## Directions for this task
When copying the data below, keep only the lines from the one with "this 1800×1020 image." through the one with "Some of the text", word for word, and skip the pictures.

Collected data
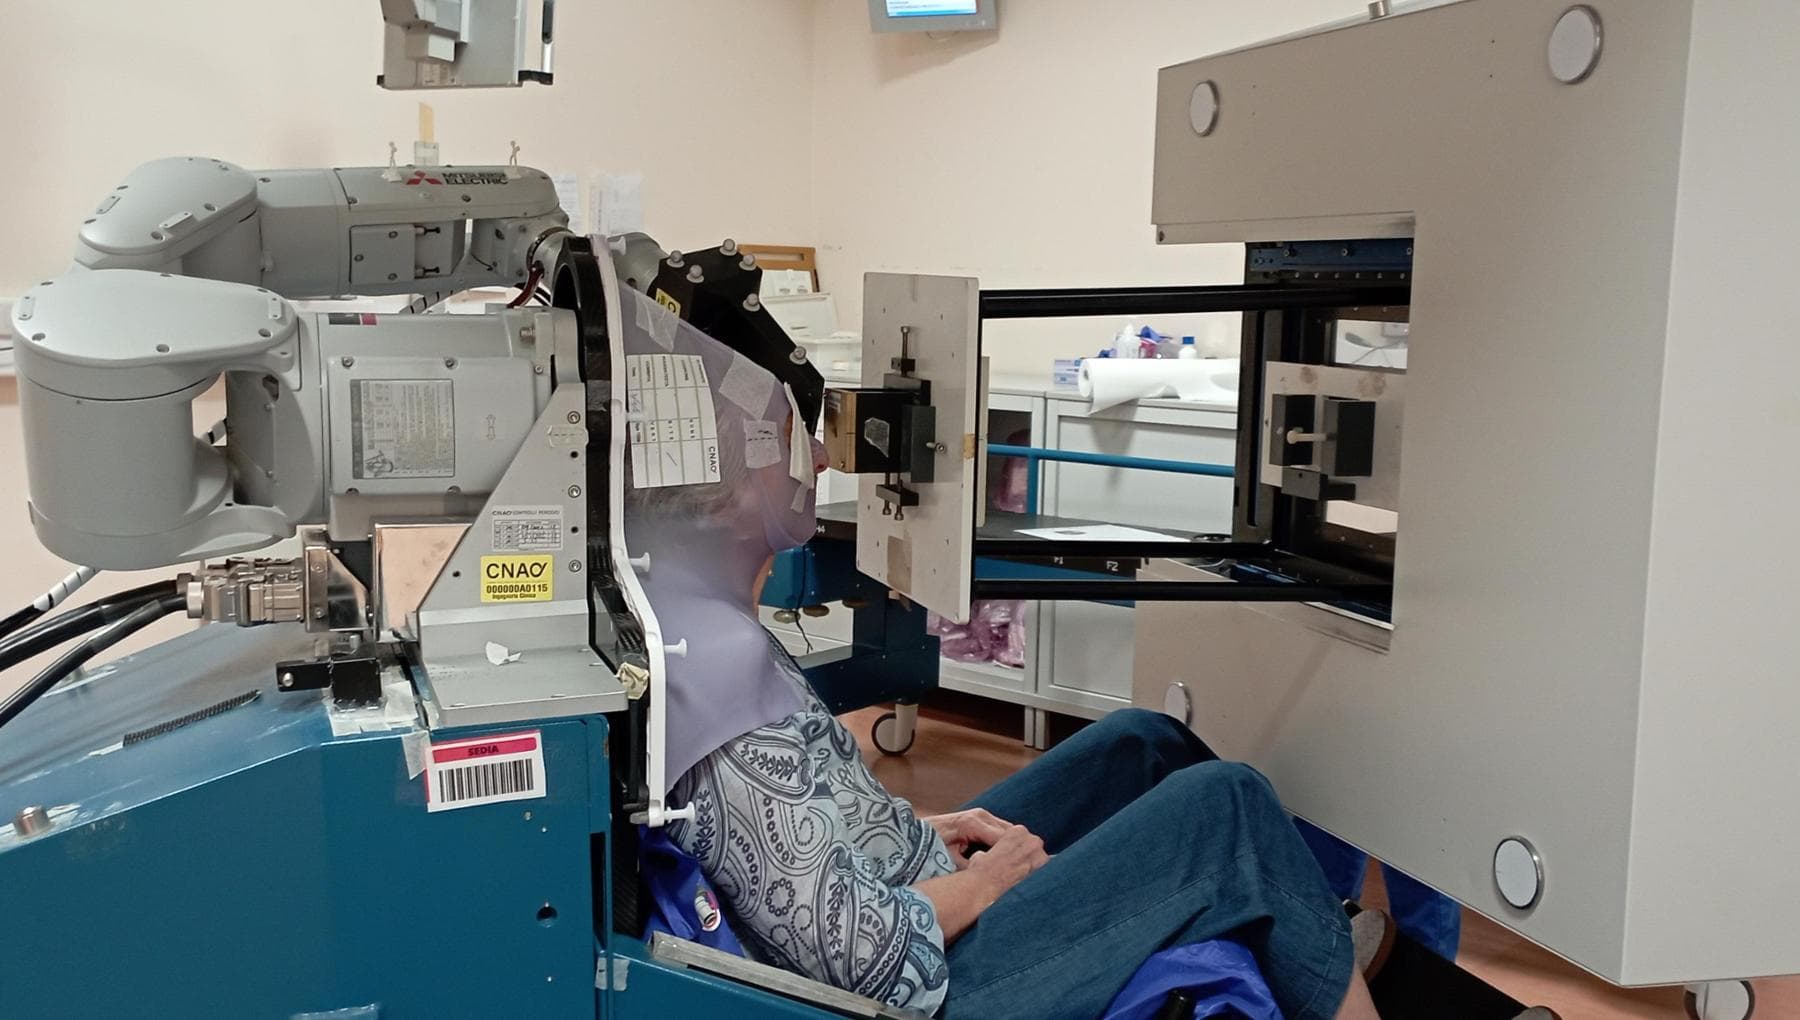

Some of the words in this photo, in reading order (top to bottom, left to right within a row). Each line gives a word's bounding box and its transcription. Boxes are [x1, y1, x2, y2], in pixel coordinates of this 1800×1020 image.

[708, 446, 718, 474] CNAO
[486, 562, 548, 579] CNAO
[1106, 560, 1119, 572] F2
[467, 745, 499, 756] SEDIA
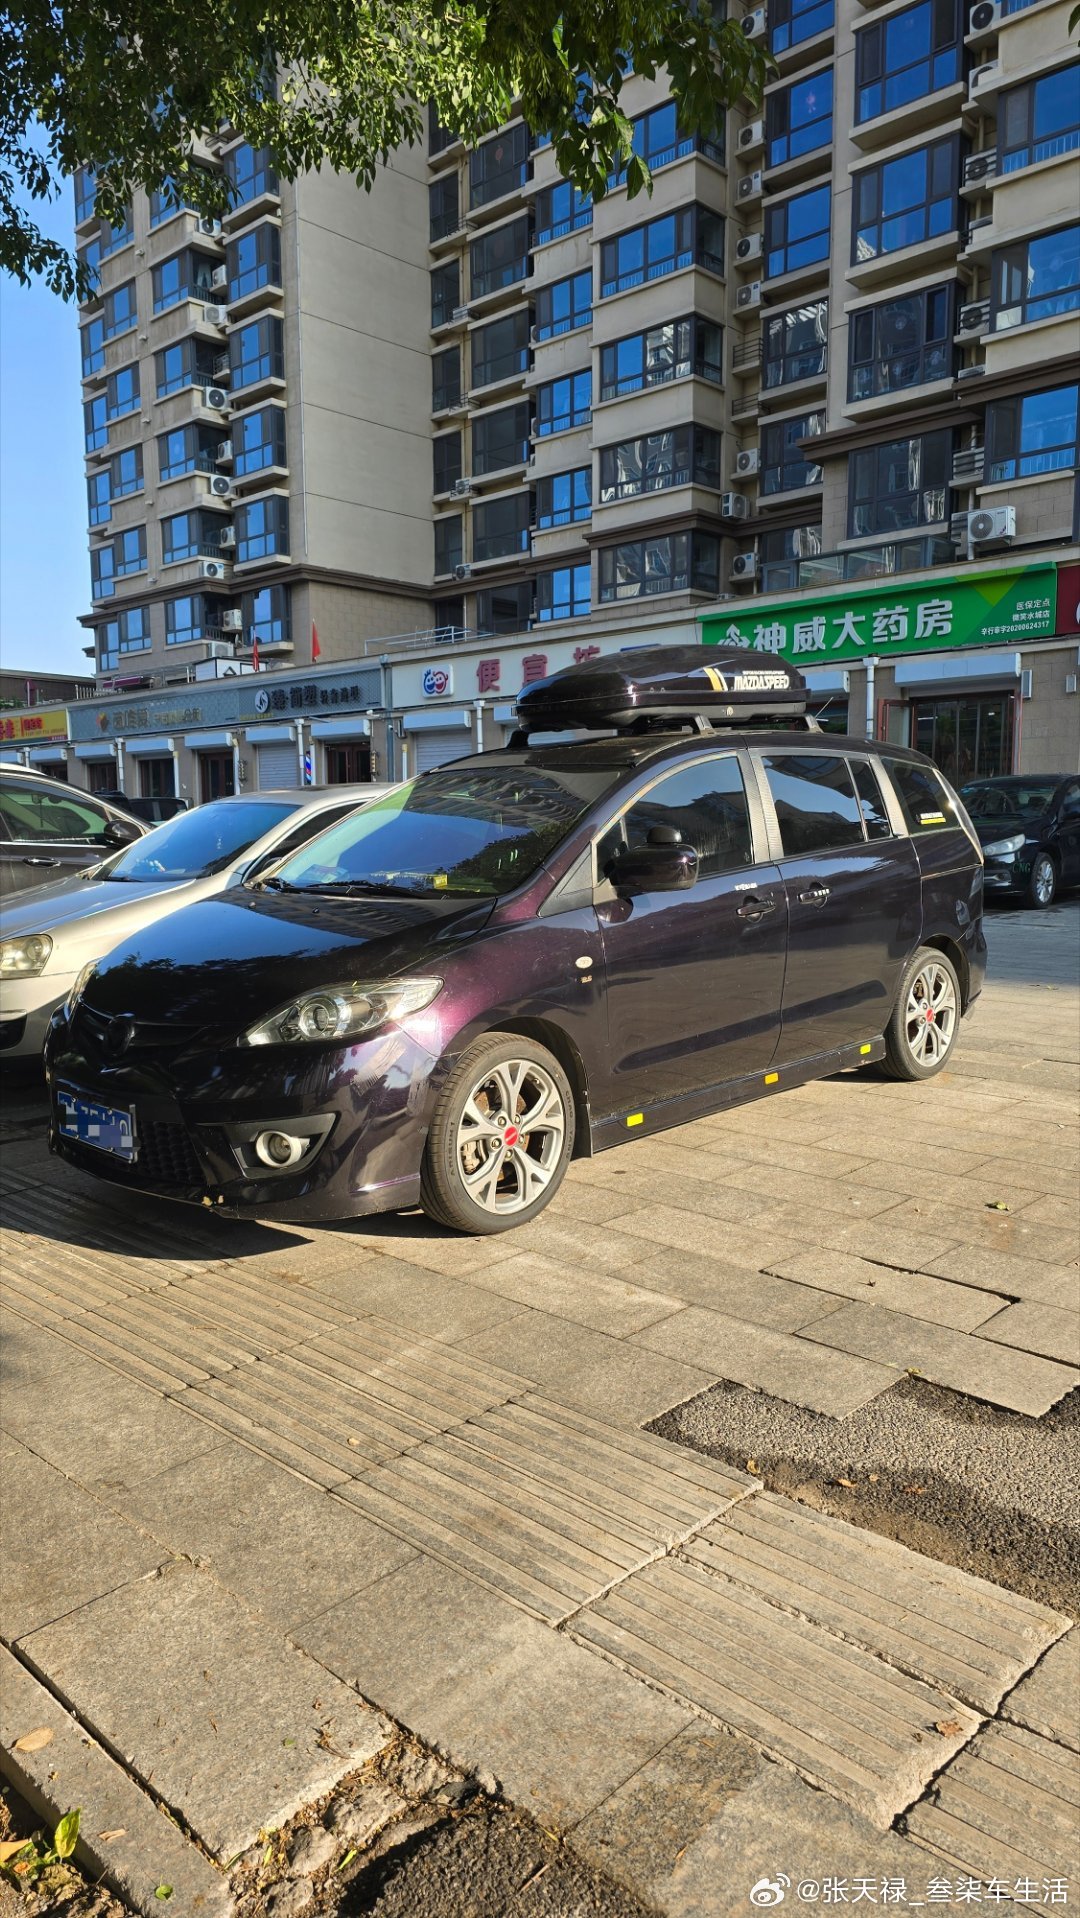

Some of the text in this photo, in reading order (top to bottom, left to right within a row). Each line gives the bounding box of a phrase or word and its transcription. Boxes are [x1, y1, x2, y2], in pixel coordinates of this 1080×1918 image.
* * *
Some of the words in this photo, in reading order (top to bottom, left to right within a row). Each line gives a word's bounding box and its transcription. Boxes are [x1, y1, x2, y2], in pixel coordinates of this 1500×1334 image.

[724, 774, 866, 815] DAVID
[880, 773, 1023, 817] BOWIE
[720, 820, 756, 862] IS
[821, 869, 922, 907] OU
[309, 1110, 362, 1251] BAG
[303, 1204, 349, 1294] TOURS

## Final answer
Some of the words in this photo, in reading order (top to bottom, left to right within a row). Each line gives a word's bounding box and its transcription. Boxes are [x1, y1, x2, y2], in pixel coordinates of this 1800×1020 image.

[708, 446, 718, 474] CNAO
[486, 562, 548, 579] CNAO
[1106, 560, 1119, 572] F2
[467, 745, 499, 756] SEDIA

Some of the text in this photo, in reading order (top to bottom, left to right within a row). Each line gives the bounding box of a phrase or word and its transcription. Boxes are [x1, y1, x2, y2], in pixel coordinates of this 1080×1918 image.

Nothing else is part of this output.